What the task requires:
Could you print every entry below exactly as given?

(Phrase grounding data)
########################################

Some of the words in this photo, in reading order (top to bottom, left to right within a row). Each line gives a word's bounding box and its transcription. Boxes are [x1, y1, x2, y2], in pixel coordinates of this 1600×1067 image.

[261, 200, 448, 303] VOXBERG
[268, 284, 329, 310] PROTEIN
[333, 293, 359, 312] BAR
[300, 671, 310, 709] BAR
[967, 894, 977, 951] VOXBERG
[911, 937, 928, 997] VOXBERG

########################################

Your response:
Some of the words in this photo, in reading order (top to bottom, left to right within a row). Each line gives a word's bounding box and its transcription. Boxes are [x1, y1, x2, y2], in pixel coordinates of this 1600×1067 image.

[261, 200, 448, 303] VOXBERG
[268, 284, 329, 310] PROTEIN
[333, 293, 359, 312] BAR
[300, 671, 310, 709] BAR
[967, 894, 977, 951] VOXBERG
[911, 937, 928, 997] VOXBERG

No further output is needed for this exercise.